# Need help/ advice



## Cthartguy239 (Sep 16, 2015)

Me and my wife have been together for about 7 years married 11/2. We are goin through some tough times. We feel like room mates and she said she doesn't feel The love anymore like we lost it. We have a child that is3 and i own my ow business and she works about 45 hours a week. I say I love you but she doesn't answer back tell I say something. We are going to talk to someone and I want to fix this. My question has anyone else went though this type of situation and it worked out?


----------



## ButtPunch (Sep 17, 2014)

Of course people have been in your situation and of course sometimes it works out and sometimes it don't.


----------



## ButtPunch (Sep 17, 2014)

Did she say she feels like you are roommates or is that how you feel?


----------



## Chaparral (Jul 17, 2011)

Get the MMSLP book linked to below. You can also downlaod it from amazon.


----------



## Chaparral (Jul 17, 2011)

Do you still romance and date your wife?


----------



## Lostinthought61 (Nov 5, 2013)

Cthart this is very common, especially after the birth of a child, your existing not living and i am pretty sure she feels the same way....now what you do here, does matter, and it is essential you get it right but just going to therapy will not do it you both have to engage each other and stay engaged , otherwise it is too easy to slip away from each other.


----------



## cdbaker (Nov 5, 2010)

Yeah you basically described only two relational pieces of info, that you feel like roommates with her, and that she doesn't say "I love you" back when you say it to her. These two things happen to virtually every marriage that faces troubled times. You'll probably have to get a lot more specific to get any more detailed of an answer than what ButtPunch responded with first above. That yes certainly many marriages with those issues have recovered just fine, while many others haven't.


----------



## Cthartguy239 (Sep 16, 2015)

Sorry it took me so long to respond. A little more info I just opened up a business in March that is very successful for only being in buisness for 6 months and I am 28 and she is 25. She told me she doesn't feel the intimacy anymore and that she wants to fall asleep and wake up and everything be fine. She said divorice is the last resort but if we can't find love then it's going happen. I feel like **** im stressed out and can barely eat. She says when we hold hands she can't feel anything and it hurts coming from someone that your suppose to spend the rest of your life with. Are sex life was awesome till we had a kid and it disapperaed completely. We maybe had sex 5 times this year and she said that she loves me but she wants that passionate love and spark like we use to have.she barely texts me and doesn't even call me after work and goes straight home. Also told me it's not anybody else it's just she can't connect right now emotionally to me. We are going to see someone on Monday and see if we can get this situated. It really hurt me last night when I asked her if she's going to miss me in 2 weeks when she leaves for North Carolina to surprise her best friend for making captain in the army. And she Said uhhhhh I don't know. I've been really messed up lately and have no idea what to do. I make a lot of the money in the home and I met her with a lot of money so I have a prenup that she can't get anything that I came in with. But I don't want a divorce we barley fight and I really do love her. Some days I'm ready to give up and some days I dont ..... I was told all of this on Monday . Thanks for your help I really appreciate it


----------



## Chaparral (Jul 17, 2011)

How old is your child?

Has she been checked by a doctor for postpartum depression?

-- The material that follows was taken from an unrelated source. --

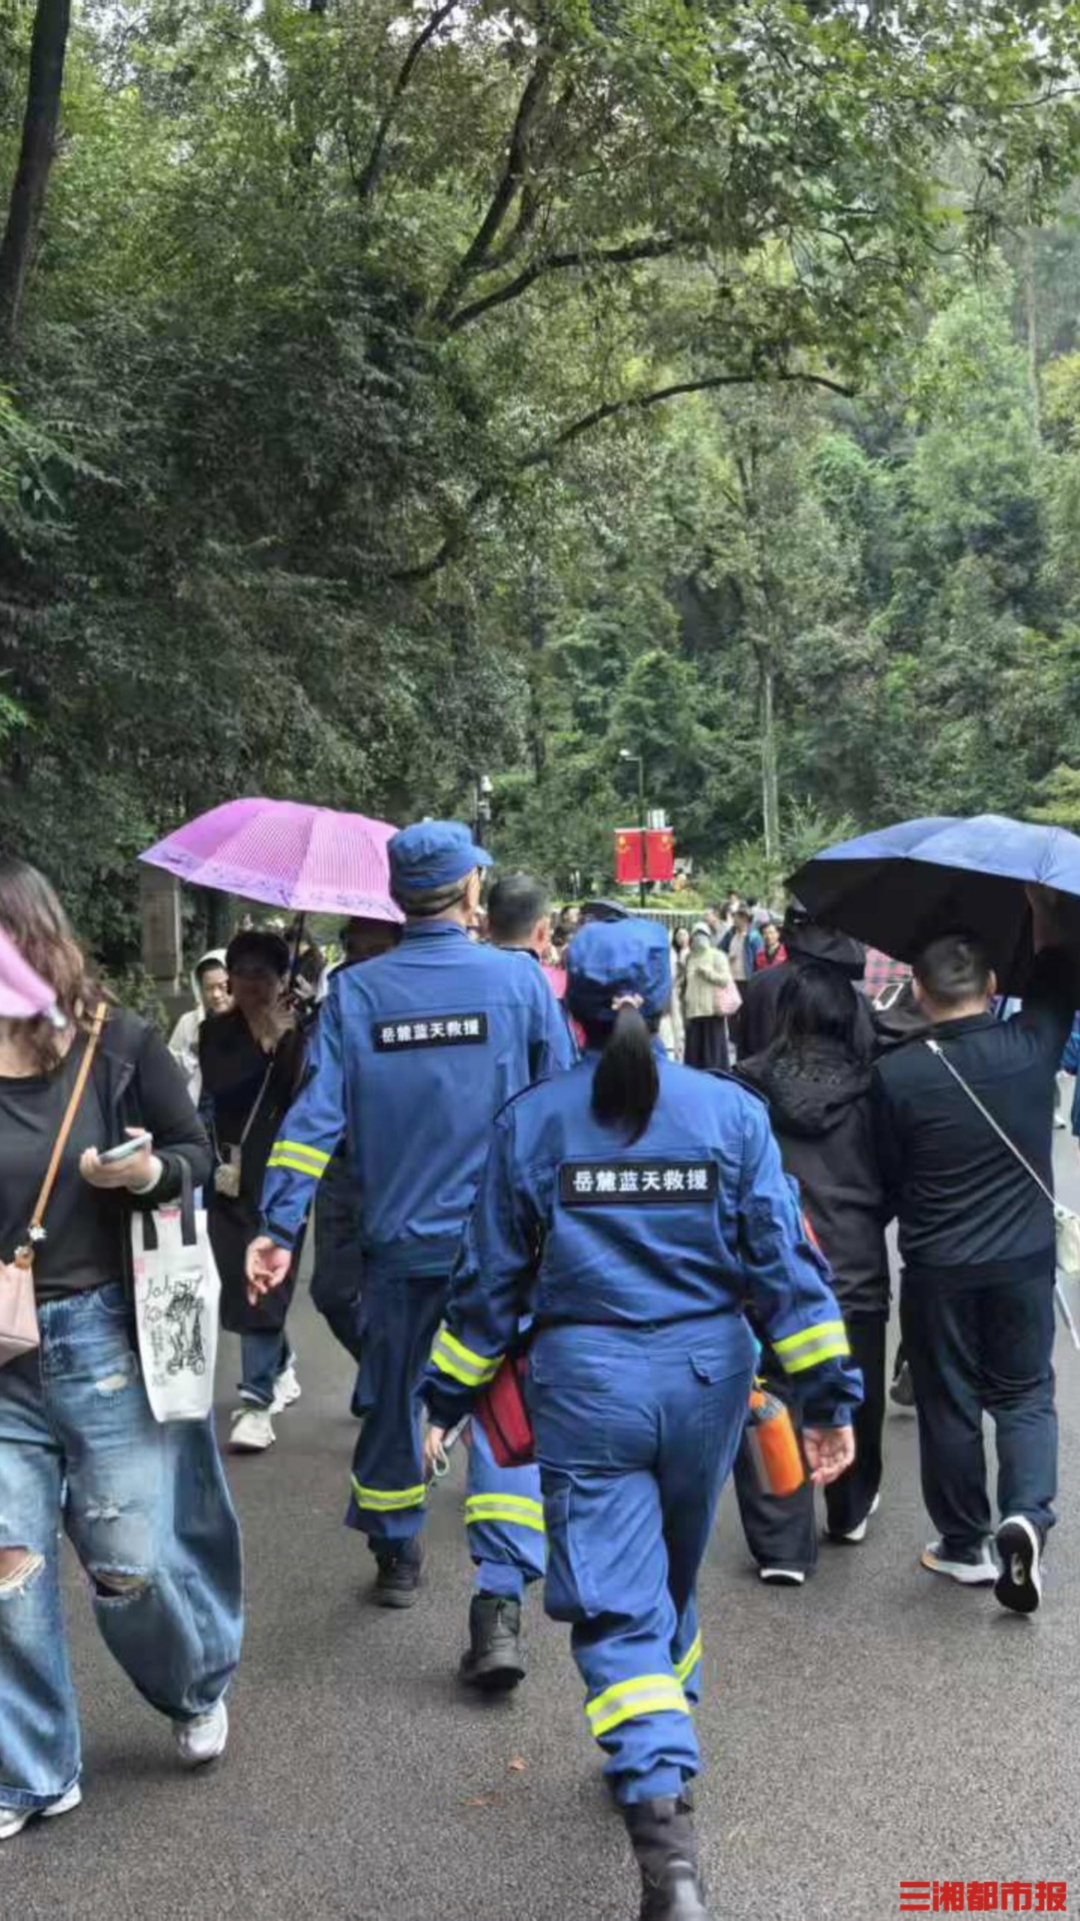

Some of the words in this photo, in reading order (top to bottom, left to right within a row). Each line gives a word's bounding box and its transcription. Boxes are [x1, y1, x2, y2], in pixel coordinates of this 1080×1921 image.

[381, 1019, 479, 1043] 岳麓蓝天救援
[573, 1168, 708, 1192] 岳麓蓝天救援

She doesn't want sex with you?

Does she go out with the girls?

What have you done to be 100% sure there is no affair? Phone records, texts, emails? Do you have access to all her passwords?

Is the captain male or female?


----------



## Marc878 (Aug 26, 2015)

something like this doesn't just come out of nowhere. there are big red flags. better start looking and paying attention.

right now you are in the dark and you can't fix anything if you don't know whats wrong.

smells bad.

check her phone, pc,, etc yesterday!


----------



## Stang197 (Aug 31, 2015)

After all the stories I have read this sounds like classic cheating behavior.


----------



## aine (Feb 15, 2014)

A kid who is still young, a new business, a 45 hr week, doesn't leave much time for you guys to really connect. The problem is that many young men like yourself, get the girl, get the house, get the great job and think they are set, now have to work hard to provide and get into that routine but forget that the girl still needs to be loved, told she is beautiful, touched non-sexually, given flowers, etc. I think you have been so wrapped up in doing all the other things you forgot to meet your wife's needs for intimate conversation, care after giving birth, etc. resulting in the disconnect.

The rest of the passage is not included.